By Stuart Singer, author of The Algebra Miracle

There are a great many problems in the Washington, D.C. school system but when it comes to evaluating the academic growth of its students the system may be on the right track.  In order to receive a waiver from the 100% pass rate demanded by No Child Left Behind (NCLB) in 2014 the educational leaders in D.C. made some interesting and potentially productive changes. The most fundamental adjustment is the recognition that the task of successfully educating different student bodies can vary from school to school within a single district.

According to a recent article in the Washington Post one of the system’s primary changes is to have less focus on proficiency rates and more on growth:

“Schools are aiming for the achievement targets — or ‘annual measurable objectives,’ AMOs in edu-speak…They also receive an ‘accountability index score,’ generated via an algorithm that is supposed to reflect not just how high students score on tests, but how much they have progressed.”

In addition schools will be judged on improvement whether they are at the top or the bottom of the district.

“A common complaint about No Child Left Behind was that it focused only on proficiency rates, creating an incentive for schools to heap attention on kids who were right on the cusp of becoming proficient. Kids who were shoo-ins to pass state tests — or fail them — got less of their teachers’ time, critics said.

“Under the District’s new accountability system, schools get credit for kids who make strides, no matter where they start on the spectrum.”

Apparently the hope is that these changes will afford educational leaders a better opportunity to measure the actual depth of the academic problems at each school.

“Instead of just two categories of schools — “made AYP” and “didn’t make AYP” — there are now five categories: priority, focus, developing, rising and reward. Schools are put into a category based on their accountability index scores.

“Priority schools — which include both DCPS and charter schools — are those with the lowest overall performance and growth. They have to write a plan that shows how they’ll implement seven ‘turnaround principles,’ such as ensuring strong leadership and curriculum.

“Priority schools will also have to decide in the next year whether to adopt one of the federal government’s four ‘turnaround models,’ which include closing the school, replacing its principal and half the staff and restarting the school as a charter.

“According to the waiver application and officials with the Office of the State Superintendent of Education, parents are supposed to be included in making that decision.”

One size does not fit all

More districts need to recognize that their schools may not have identical academic challenges. In 1997 as state mandated standardized tests were introduced in Virginia my school faced some daunting issues. The student body’s free or reduced lunch rate of 53% was by far the highest among the 24 other schools. The second highest was 36%; even more telling was the fact that the combined rate of the eight wealthiest schools was less than 53%. In addition the school had an equally skewed number of ELL students and mobility. It was not surprising that in the second year of testing the school had the district’s second lowest pass rate in Algebra 1.

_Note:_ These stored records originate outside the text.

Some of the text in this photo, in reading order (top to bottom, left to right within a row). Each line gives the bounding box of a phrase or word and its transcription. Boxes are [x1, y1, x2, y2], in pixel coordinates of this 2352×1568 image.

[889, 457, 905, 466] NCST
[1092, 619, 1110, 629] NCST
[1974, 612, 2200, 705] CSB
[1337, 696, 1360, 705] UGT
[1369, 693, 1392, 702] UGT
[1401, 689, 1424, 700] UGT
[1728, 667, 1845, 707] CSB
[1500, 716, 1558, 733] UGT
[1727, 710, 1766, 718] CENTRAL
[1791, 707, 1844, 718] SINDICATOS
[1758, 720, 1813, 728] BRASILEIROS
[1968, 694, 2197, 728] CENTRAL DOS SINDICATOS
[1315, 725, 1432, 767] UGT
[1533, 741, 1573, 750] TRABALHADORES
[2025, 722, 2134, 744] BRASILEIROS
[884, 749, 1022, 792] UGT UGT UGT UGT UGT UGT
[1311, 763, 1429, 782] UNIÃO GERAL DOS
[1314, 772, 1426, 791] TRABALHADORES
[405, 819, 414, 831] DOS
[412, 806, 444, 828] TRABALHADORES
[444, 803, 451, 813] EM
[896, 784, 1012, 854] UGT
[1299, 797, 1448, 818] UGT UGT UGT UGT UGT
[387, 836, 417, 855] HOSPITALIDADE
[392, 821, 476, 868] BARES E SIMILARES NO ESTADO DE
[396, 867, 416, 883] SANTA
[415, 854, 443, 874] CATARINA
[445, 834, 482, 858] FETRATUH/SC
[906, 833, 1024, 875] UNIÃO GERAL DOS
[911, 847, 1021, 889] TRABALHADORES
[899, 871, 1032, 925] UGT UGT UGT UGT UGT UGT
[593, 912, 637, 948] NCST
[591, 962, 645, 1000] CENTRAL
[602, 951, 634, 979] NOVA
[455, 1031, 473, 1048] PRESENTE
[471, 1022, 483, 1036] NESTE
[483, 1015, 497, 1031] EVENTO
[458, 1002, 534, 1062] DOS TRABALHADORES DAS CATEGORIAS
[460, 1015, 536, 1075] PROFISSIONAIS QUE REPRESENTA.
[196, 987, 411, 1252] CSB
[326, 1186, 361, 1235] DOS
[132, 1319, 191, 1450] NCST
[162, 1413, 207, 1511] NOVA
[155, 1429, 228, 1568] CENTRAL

In order to better serve the needs of our unique student body it was clear that following the same policies of the majority of the others schools would not work. A number of changes were implemented. Algebra 1 students were given more time to complete the curriculum. Special after school remediation programs were established. A unique course sequence was created for the most at-risk students. Breaking with the lockstep approach of the district produced stunning results. Within three years the Algebra 1 pass rates were among the top 33% in the system. The scores in Algebra 2 and Geometry also soared. The recognition that not all schools were alike and thus often had a different set of needs allowed a system’s poorest student body to perform at the same level of everyone else.

Hopefully, the schools in Washington D.C. will have a similar outcome. The recognition that success and failure cannot be measured by only one data point is a step in the right direction.